Phoebe Waller-Bridge tienta a la protagonista de Fleabag (Amazon Prime Video), interpretada por ella misma, con el hombre blando definitivo: un cura. El hombre que ha decidido ser para siempre un secundario, no ya en su propia vida, sino en lo que a la sociedad del siglo XXI se refiere. Por no hablar de su primer novio, que incluso padece una depresión postparto. Los hombres beta están por todas partes.
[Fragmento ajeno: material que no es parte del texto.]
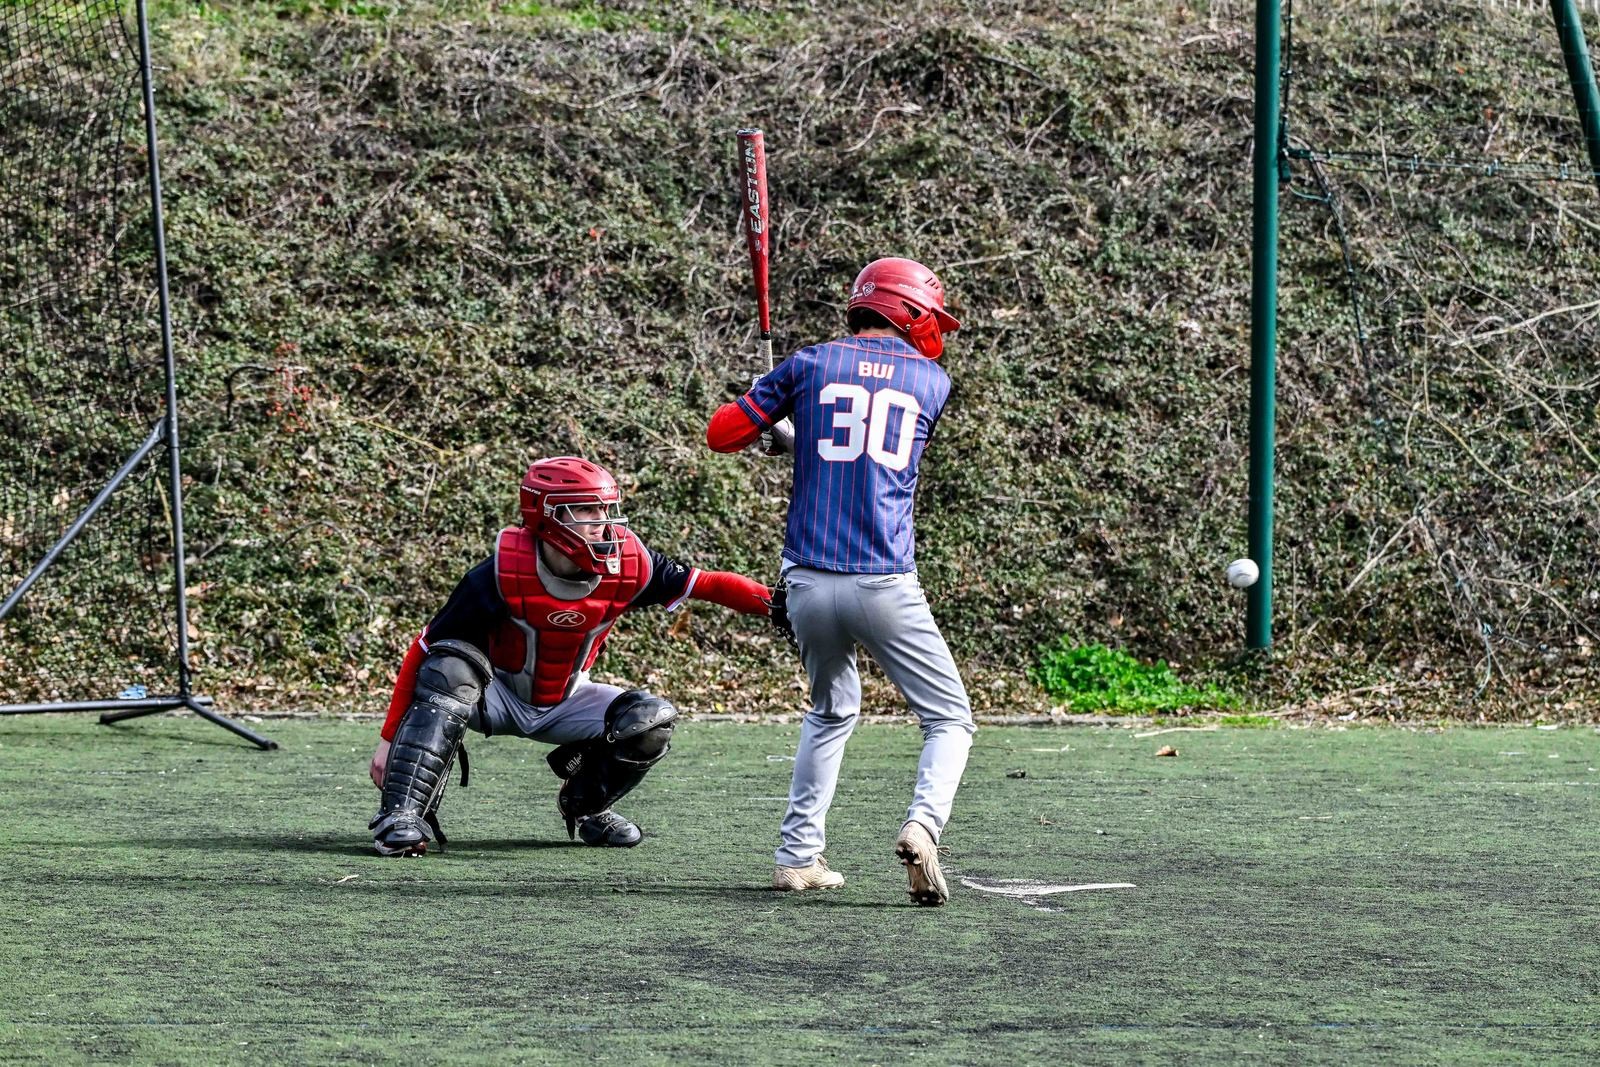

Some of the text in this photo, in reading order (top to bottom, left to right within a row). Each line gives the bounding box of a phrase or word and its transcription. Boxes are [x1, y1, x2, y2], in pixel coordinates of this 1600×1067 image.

[744, 140, 762, 234] EASTON
[858, 361, 895, 380] BUI
[817, 383, 922, 472] 30
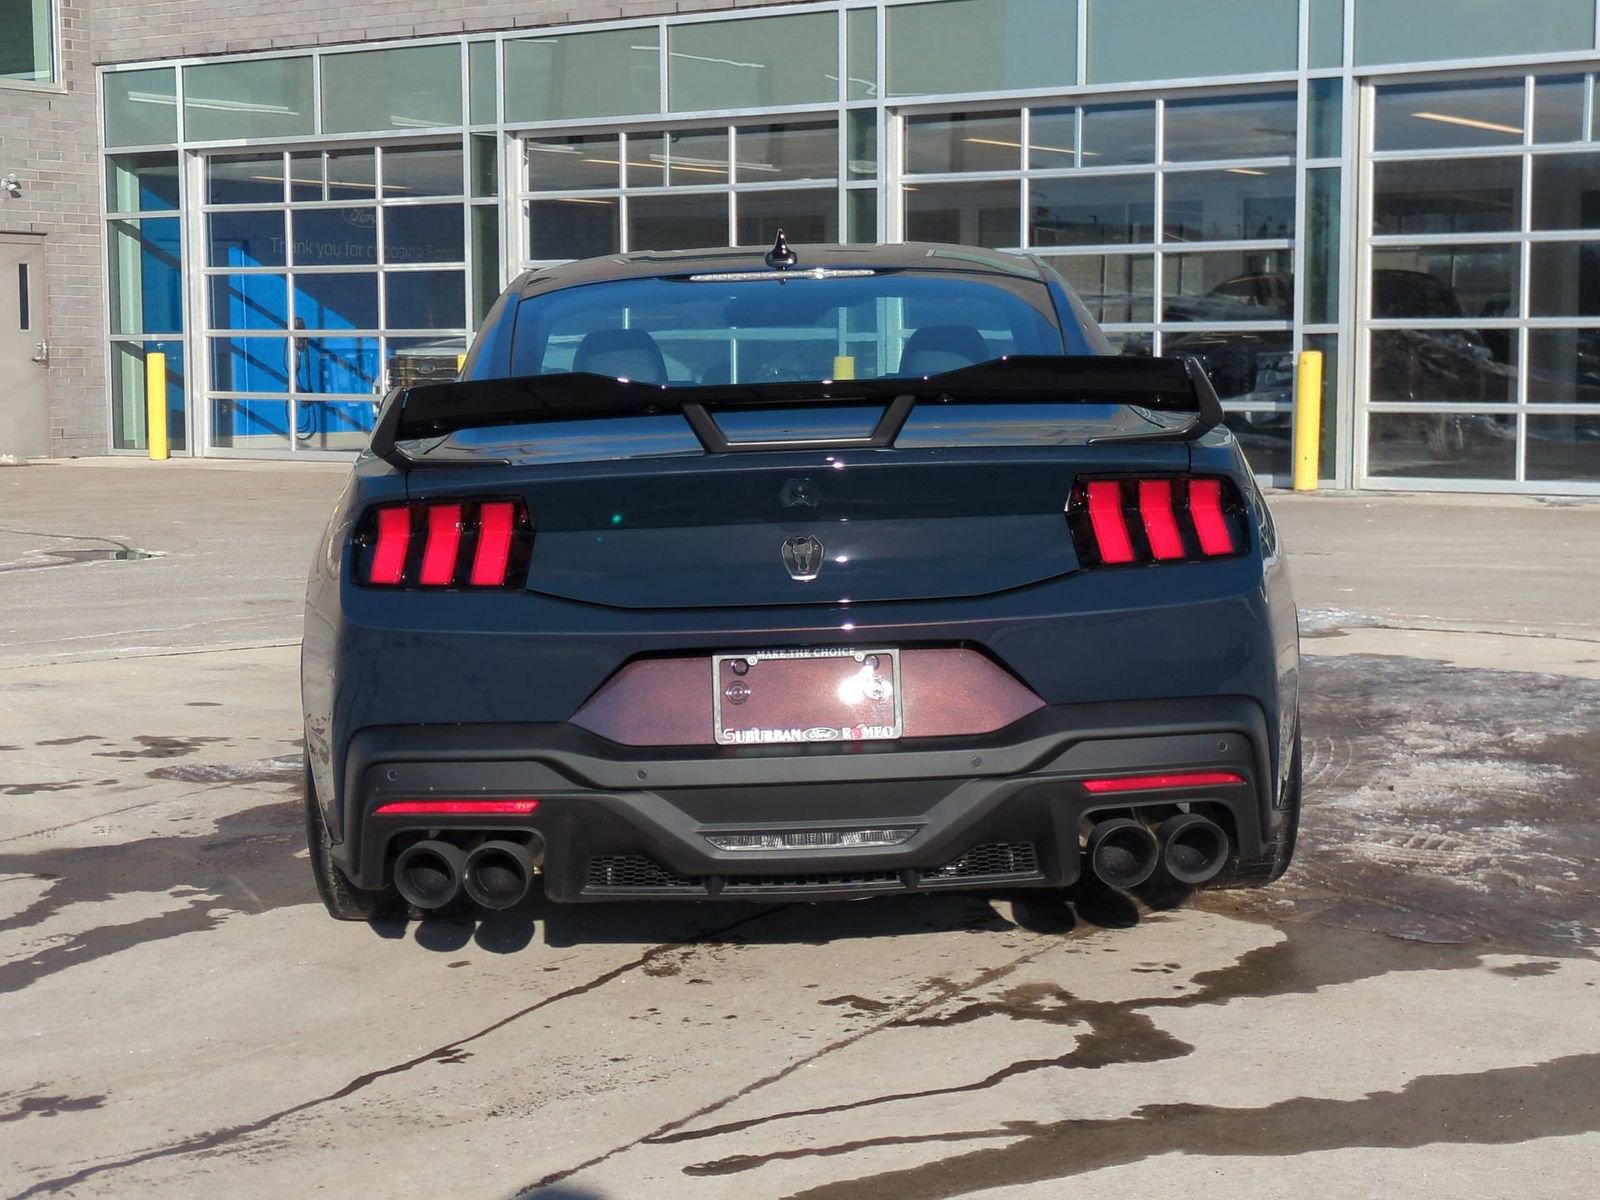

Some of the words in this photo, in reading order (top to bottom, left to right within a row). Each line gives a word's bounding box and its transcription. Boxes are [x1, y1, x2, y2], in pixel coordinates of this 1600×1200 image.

[317, 242, 342, 258] you
[345, 241, 363, 257] for
[366, 242, 424, 261] coosing
[756, 650, 787, 659] MAKE
[788, 649, 811, 658] THE
[813, 647, 856, 657] CHOICE
[723, 727, 801, 743] SUBURBAN
En Ozark (Netflix), casi un spin-off de determinado momento de Breaking Bad, Marty Byrde es un trasunto de citado Walter White, solo que aún más familiar y blando: es su mujer quien tiene la aventura, él es quien no se atreve a dejarla; es ella quien, pese a todo, manda. Resulta interesante que lo interprete Jason Bateman, que siempre ha sido un ejemplo de tipo no duro. ¿O qué es Arrested Development (Netflix) sino pura (y caótica) destrucción de cualquier idea sobre lo masculino que la televisión hubiese intentado establecer antes?
Stranger Things (Netflix) es la única serie que juega hoy en día con los tópicos noventeros: se ha trasladado del sótano de la casa de los chavales que juegan a Dragones y Mazmorras con el walkie-talkie a un centro comercial, previo paso por un salón recreativo. Incluso se permite guiños al cine de Kevin Smith. Y curiosamente, está intentando destruir desde dentro la idea del hombre beta. El jefe Hopper (David Harbour), hasta ahora un buen y triste hombre que vivía apartado de todo en una cabaña, el tipo bonachón que decidió hacerse cargo de la telequinética y problemática Once (Millie Bobby Brown), ha entrado en una espiral de destrucción que podría leerse como un intento de acabar para siempre con la salvajemente insensible e irrespetuosa figura del hombre alfa, que tanto brilla (para mal) en estos tiempos en los que el poder parece haber empezado a repartirse.